[Text-to-region grounding data]
Start of Block

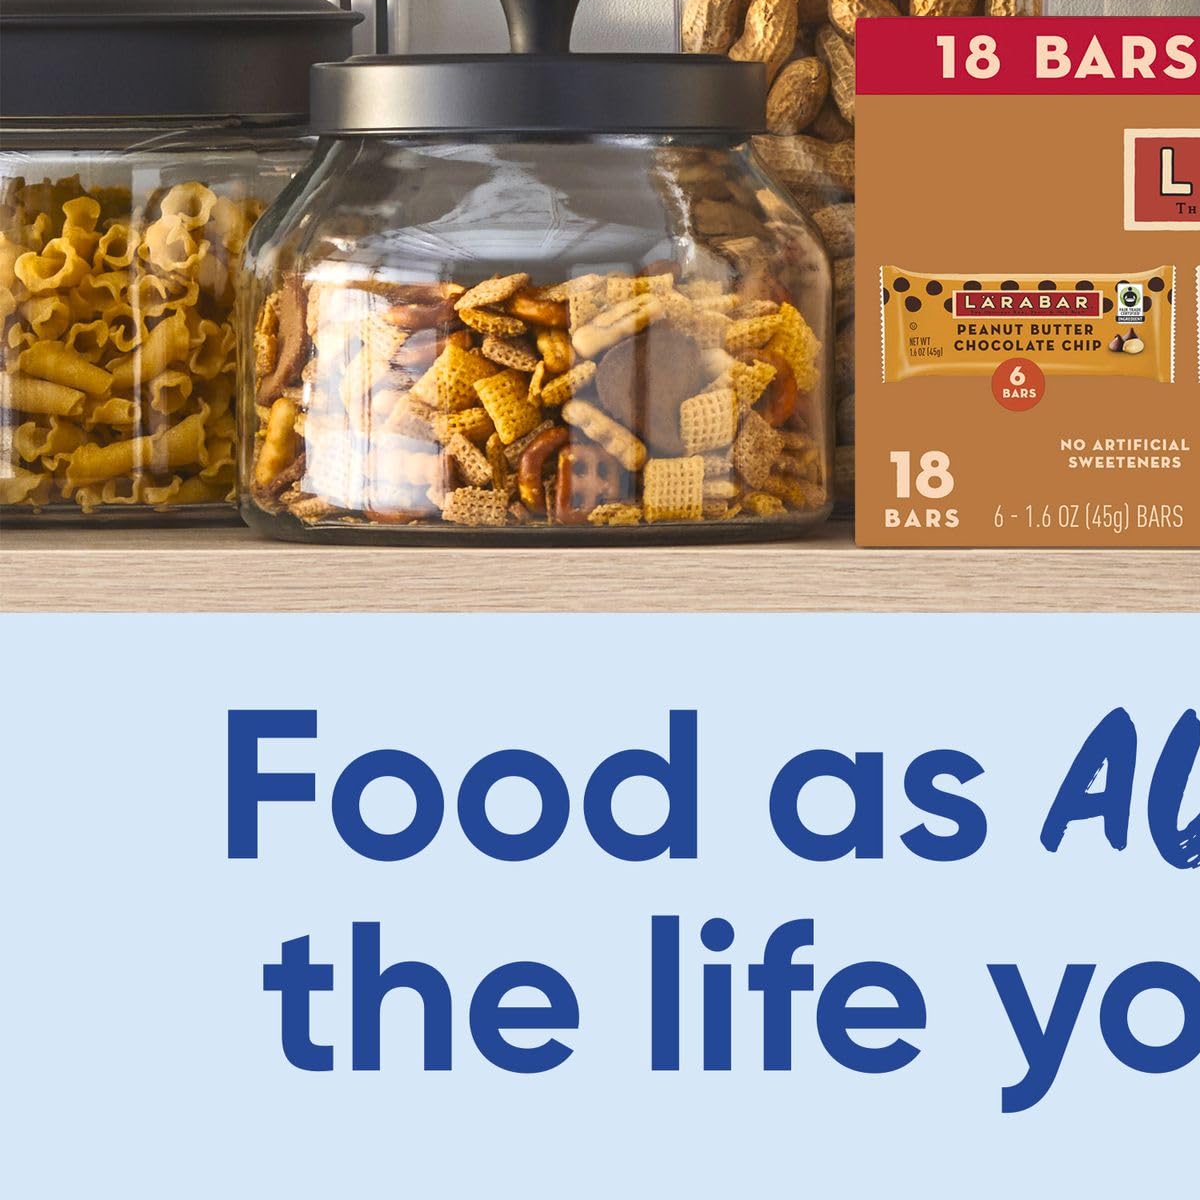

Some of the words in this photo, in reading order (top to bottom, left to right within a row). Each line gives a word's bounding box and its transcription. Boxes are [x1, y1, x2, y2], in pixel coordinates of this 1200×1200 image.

[937, 35, 1000, 79] 18
[1036, 35, 1196, 79] BARS
[957, 323, 1024, 336] PEANUT
[1030, 323, 1094, 336] BUTTER
[909, 336, 919, 346] NET
[920, 336, 931, 346] WT
[953, 339, 1055, 352] CHOCOLATE
[1061, 339, 1102, 352] CHIP
[1009, 365, 1026, 386] 6
[1002, 388, 1037, 399] BARS
[1060, 438, 1086, 451] NO
[1092, 438, 1190, 451] ARTIFICIAL
[1068, 456, 1182, 469] SWEETENERS
[890, 450, 955, 499] 18
[885, 508, 960, 528] BARS
[994, 504, 1004, 528] 6
[1025, 504, 1051, 528] 1.6
[1058, 504, 1080, 528] OZ
[1085, 502, 1129, 534] (45g)
[1137, 504, 1184, 528] BARS
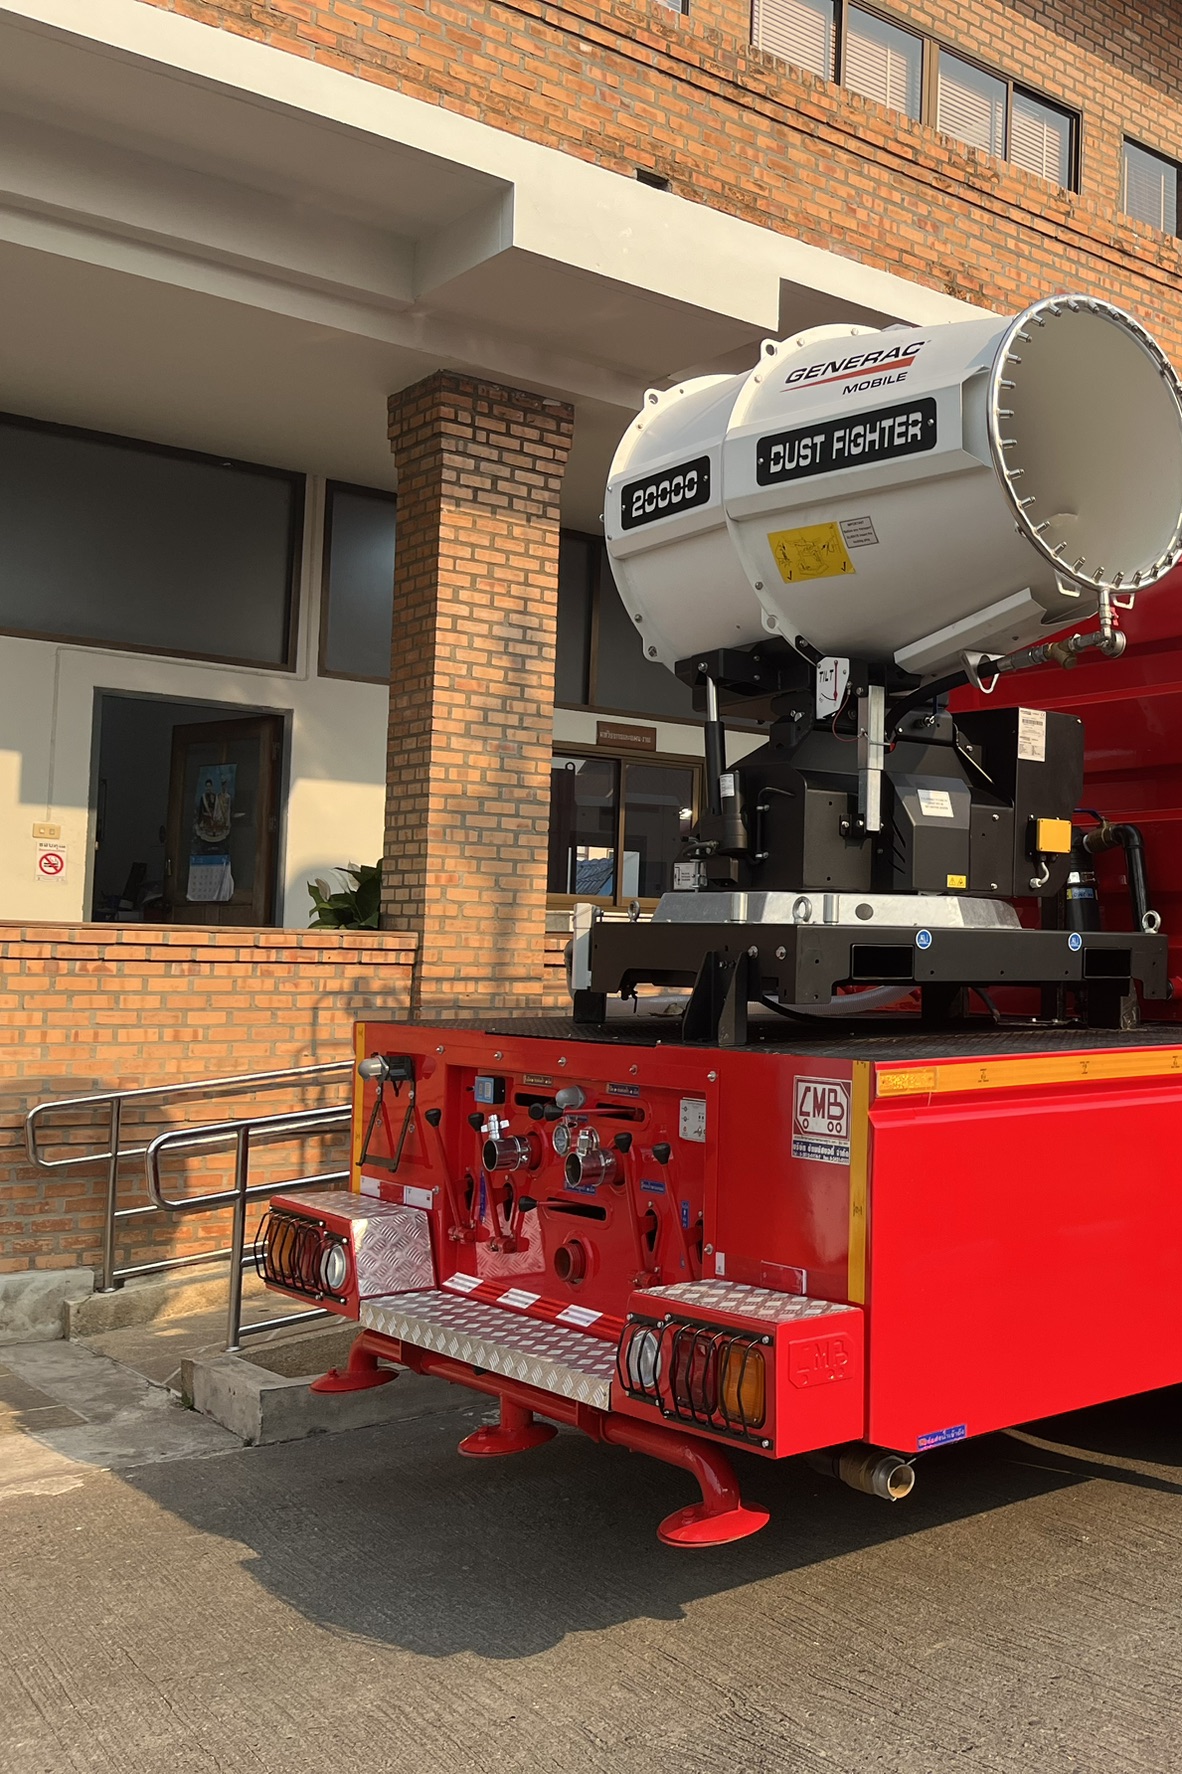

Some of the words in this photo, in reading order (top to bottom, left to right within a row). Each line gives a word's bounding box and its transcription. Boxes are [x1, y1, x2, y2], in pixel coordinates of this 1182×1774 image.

[785, 341, 926, 385] GENERAC
[842, 371, 909, 396] MOBILE
[769, 434, 826, 474] DUST
[832, 411, 923, 460] FIGHTER
[631, 469, 698, 518] 20000
[819, 668, 834, 683] TILT
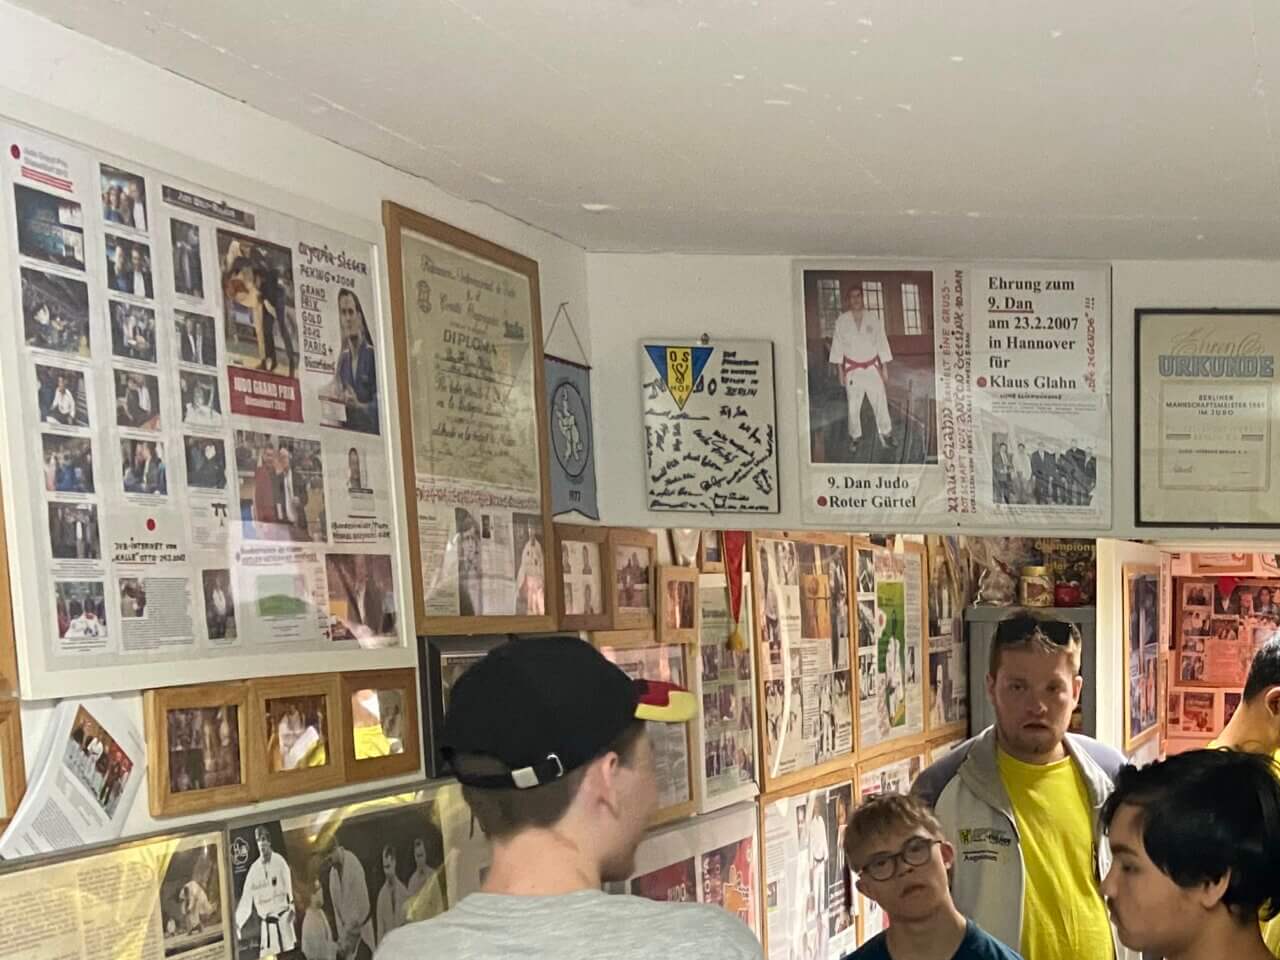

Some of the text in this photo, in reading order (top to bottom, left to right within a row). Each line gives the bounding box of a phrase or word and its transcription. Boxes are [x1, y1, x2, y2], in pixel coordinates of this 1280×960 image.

End of Block

THE TASK
Leave the pictures aside and give the records above back word for word.

RESULT FOR THIS EXERCISE
Some of the words in this photo, in reading order (top to bottom, left to right within a row). Each line gives a word's bounding box and its transcription. Boxes are [x1, y1, x2, y2], in pixel coordinates of this 1200×1200 image.

[937, 35, 1000, 79] 18
[1036, 35, 1196, 79] BARS
[957, 323, 1024, 336] PEANUT
[1030, 323, 1094, 336] BUTTER
[909, 336, 919, 346] NET
[920, 336, 931, 346] WT
[953, 339, 1055, 352] CHOCOLATE
[1061, 339, 1102, 352] CHIP
[1009, 365, 1026, 386] 6
[1002, 388, 1037, 399] BARS
[1060, 438, 1086, 451] NO
[1092, 438, 1190, 451] ARTIFICIAL
[1068, 456, 1182, 469] SWEETENERS
[890, 450, 955, 499] 18
[885, 508, 960, 528] BARS
[994, 504, 1004, 528] 6
[1025, 504, 1051, 528] 1.6
[1058, 504, 1080, 528] OZ
[1085, 502, 1129, 534] (45g)
[1137, 504, 1184, 528] BARS

Some of the words in this photo, in reading order (top to bottom, left to right within a row). Each line gives a word's bounding box and its transcription. Boxes are [x1, y1, x2, y2], in pixel coordinates of this 1182×1774 image.

[785, 341, 926, 385] GENERAC
[842, 371, 909, 396] MOBILE
[769, 434, 826, 474] DUST
[832, 411, 923, 460] FIGHTER
[631, 469, 698, 518] 20000
[819, 668, 834, 683] TILT

Some of the text in this photo, in reading order (top to bottom, left to right within a row). Each line gives the bounding box of a phrase or word and its transcription. Boxes are [x1, y1, x2, y2], in pixel coordinates of this 1280×960 image.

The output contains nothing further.